[Records contained in a dataset]
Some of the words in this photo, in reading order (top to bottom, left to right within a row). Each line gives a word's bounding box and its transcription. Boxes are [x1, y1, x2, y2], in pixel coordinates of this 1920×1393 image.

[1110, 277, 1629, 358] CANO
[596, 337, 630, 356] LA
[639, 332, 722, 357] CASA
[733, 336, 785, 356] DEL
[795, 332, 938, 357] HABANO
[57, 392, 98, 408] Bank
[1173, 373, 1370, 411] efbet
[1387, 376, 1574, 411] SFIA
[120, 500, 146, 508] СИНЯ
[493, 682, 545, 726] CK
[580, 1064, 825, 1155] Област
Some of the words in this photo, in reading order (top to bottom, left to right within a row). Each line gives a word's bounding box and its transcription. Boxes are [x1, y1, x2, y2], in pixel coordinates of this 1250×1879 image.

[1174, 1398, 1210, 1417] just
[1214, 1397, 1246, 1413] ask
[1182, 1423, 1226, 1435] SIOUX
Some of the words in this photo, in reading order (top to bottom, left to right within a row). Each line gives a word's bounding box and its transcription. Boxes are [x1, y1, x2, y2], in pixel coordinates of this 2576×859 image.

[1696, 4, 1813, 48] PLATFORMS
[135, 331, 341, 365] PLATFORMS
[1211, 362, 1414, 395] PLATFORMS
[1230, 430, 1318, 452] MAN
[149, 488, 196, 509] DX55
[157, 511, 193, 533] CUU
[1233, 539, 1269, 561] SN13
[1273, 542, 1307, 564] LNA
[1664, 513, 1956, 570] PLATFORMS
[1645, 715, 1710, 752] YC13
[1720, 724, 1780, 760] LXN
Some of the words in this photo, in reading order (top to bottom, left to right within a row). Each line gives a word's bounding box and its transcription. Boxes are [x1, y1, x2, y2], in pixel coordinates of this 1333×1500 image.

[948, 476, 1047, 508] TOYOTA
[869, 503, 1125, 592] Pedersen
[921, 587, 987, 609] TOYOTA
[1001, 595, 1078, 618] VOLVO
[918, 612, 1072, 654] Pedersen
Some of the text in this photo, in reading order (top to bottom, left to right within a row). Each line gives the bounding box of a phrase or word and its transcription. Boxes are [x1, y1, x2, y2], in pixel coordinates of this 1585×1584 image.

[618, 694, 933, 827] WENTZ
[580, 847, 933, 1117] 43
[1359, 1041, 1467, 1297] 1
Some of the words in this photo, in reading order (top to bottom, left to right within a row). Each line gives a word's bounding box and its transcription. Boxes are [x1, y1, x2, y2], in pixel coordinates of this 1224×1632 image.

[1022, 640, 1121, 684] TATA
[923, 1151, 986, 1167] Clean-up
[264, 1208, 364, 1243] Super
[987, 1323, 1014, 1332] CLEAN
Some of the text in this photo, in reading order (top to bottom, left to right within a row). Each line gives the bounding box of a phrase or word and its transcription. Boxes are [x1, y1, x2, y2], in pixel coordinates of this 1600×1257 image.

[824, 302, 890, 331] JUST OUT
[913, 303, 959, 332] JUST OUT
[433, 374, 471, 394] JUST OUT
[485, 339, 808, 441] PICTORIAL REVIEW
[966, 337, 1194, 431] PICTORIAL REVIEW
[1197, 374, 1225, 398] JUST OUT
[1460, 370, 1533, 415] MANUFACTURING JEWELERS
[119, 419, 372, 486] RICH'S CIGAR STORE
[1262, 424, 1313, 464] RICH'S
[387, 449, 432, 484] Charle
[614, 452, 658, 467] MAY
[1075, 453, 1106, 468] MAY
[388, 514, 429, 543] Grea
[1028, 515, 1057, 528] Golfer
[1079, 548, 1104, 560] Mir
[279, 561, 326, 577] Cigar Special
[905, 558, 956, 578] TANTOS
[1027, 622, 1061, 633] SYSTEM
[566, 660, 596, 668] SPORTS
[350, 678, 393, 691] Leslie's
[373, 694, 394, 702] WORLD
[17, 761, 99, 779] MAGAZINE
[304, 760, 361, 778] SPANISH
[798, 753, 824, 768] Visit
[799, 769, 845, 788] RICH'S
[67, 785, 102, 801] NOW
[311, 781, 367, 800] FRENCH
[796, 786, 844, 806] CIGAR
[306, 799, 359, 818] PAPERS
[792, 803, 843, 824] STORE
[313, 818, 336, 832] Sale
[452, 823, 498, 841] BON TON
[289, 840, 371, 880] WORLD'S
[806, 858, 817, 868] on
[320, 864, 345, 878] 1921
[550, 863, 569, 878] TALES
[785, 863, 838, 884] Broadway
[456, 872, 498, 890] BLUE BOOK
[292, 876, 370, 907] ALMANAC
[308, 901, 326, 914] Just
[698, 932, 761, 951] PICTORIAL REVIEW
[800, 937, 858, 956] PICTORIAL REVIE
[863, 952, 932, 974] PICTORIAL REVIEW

» TO DO
Exact copies of all the entries above are required.

» ANSWER SPACE
Some of the words in this photo, in reading order (top to bottom, left to right within a row). Each line gives a word's bounding box and its transcription. Boxes are [x1, y1, x2, y2], in pixel coordinates of this 1920×1393 image.

[1110, 277, 1629, 358] CANO
[596, 337, 630, 356] LA
[639, 332, 722, 357] CASA
[733, 336, 785, 356] DEL
[795, 332, 938, 357] HABANO
[57, 392, 98, 408] Bank
[1173, 373, 1370, 411] efbet
[1387, 376, 1574, 411] SFIA
[120, 500, 146, 508] СИНЯ
[493, 682, 545, 726] CK
[580, 1064, 825, 1155] Област
Some of the words in this photo, in reading order (top to bottom, left to right within a row). Each line gives a word's bounding box and its transcription. Boxes are [x1, y1, x2, y2], in pixel coordinates of this 1250×1879 image.

[1174, 1398, 1210, 1417] just
[1214, 1397, 1246, 1413] ask
[1182, 1423, 1226, 1435] SIOUX
Some of the words in this photo, in reading order (top to bottom, left to right within a row). Each line gives a word's bounding box and its transcription. Boxes are [x1, y1, x2, y2], in pixel coordinates of this 2576×859 image.

[1696, 4, 1813, 48] PLATFORMS
[135, 331, 341, 365] PLATFORMS
[1211, 362, 1414, 395] PLATFORMS
[1230, 430, 1318, 452] MAN
[149, 488, 196, 509] DX55
[157, 511, 193, 533] CUU
[1233, 539, 1269, 561] SN13
[1273, 542, 1307, 564] LNA
[1664, 513, 1956, 570] PLATFORMS
[1645, 715, 1710, 752] YC13
[1720, 724, 1780, 760] LXN
Some of the words in this photo, in reading order (top to bottom, left to right within a row). Each line gives a word's bounding box and its transcription. Boxes are [x1, y1, x2, y2], in pixel coordinates of this 1333×1500 image.

[948, 476, 1047, 508] TOYOTA
[869, 503, 1125, 592] Pedersen
[921, 587, 987, 609] TOYOTA
[1001, 595, 1078, 618] VOLVO
[918, 612, 1072, 654] Pedersen
Some of the text in this photo, in reading order (top to bottom, left to right within a row). Each line gives the bounding box of a phrase or word and its transcription. Boxes are [x1, y1, x2, y2], in pixel coordinates of this 1585×1584 image.

[618, 694, 933, 827] WENTZ
[580, 847, 933, 1117] 43
[1359, 1041, 1467, 1297] 1
Some of the words in this photo, in reading order (top to bottom, left to right within a row). Each line gives a word's bounding box and its transcription. Boxes are [x1, y1, x2, y2], in pixel coordinates of this 1224×1632 image.

[1022, 640, 1121, 684] TATA
[923, 1151, 986, 1167] Clean-up
[264, 1208, 364, 1243] Super
[987, 1323, 1014, 1332] CLEAN
Some of the text in this photo, in reading order (top to bottom, left to right within a row). Each line gives the bounding box of a phrase or word and its transcription. Boxes are [x1, y1, x2, y2], in pixel coordinates of this 1600×1257 image.

[824, 302, 890, 331] JUST OUT
[913, 303, 959, 332] JUST OUT
[433, 374, 471, 394] JUST OUT
[485, 339, 808, 441] PICTORIAL REVIEW
[966, 337, 1194, 431] PICTORIAL REVIEW
[1197, 374, 1225, 398] JUST OUT
[1460, 370, 1533, 415] MANUFACTURING JEWELERS
[119, 419, 372, 486] RICH'S CIGAR STORE
[1262, 424, 1313, 464] RICH'S
[387, 449, 432, 484] Charle
[614, 452, 658, 467] MAY
[1075, 453, 1106, 468] MAY
[388, 514, 429, 543] Grea
[1028, 515, 1057, 528] Golfer
[1079, 548, 1104, 560] Mir
[279, 561, 326, 577] Cigar Special
[905, 558, 956, 578] TANTOS
[1027, 622, 1061, 633] SYSTEM
[566, 660, 596, 668] SPORTS
[350, 678, 393, 691] Leslie's
[373, 694, 394, 702] WORLD
[17, 761, 99, 779] MAGAZINE
[304, 760, 361, 778] SPANISH
[798, 753, 824, 768] Visit
[799, 769, 845, 788] RICH'S
[67, 785, 102, 801] NOW
[311, 781, 367, 800] FRENCH
[796, 786, 844, 806] CIGAR
[306, 799, 359, 818] PAPERS
[792, 803, 843, 824] STORE
[313, 818, 336, 832] Sale
[452, 823, 498, 841] BON TON
[289, 840, 371, 880] WORLD'S
[806, 858, 817, 868] on
[320, 864, 345, 878] 1921
[550, 863, 569, 878] TALES
[785, 863, 838, 884] Broadway
[456, 872, 498, 890] BLUE BOOK
[292, 876, 370, 907] ALMANAC
[308, 901, 326, 914] Just
[698, 932, 761, 951] PICTORIAL REVIEW
[800, 937, 858, 956] PICTORIAL REVIE
[863, 952, 932, 974] PICTORIAL REVIEW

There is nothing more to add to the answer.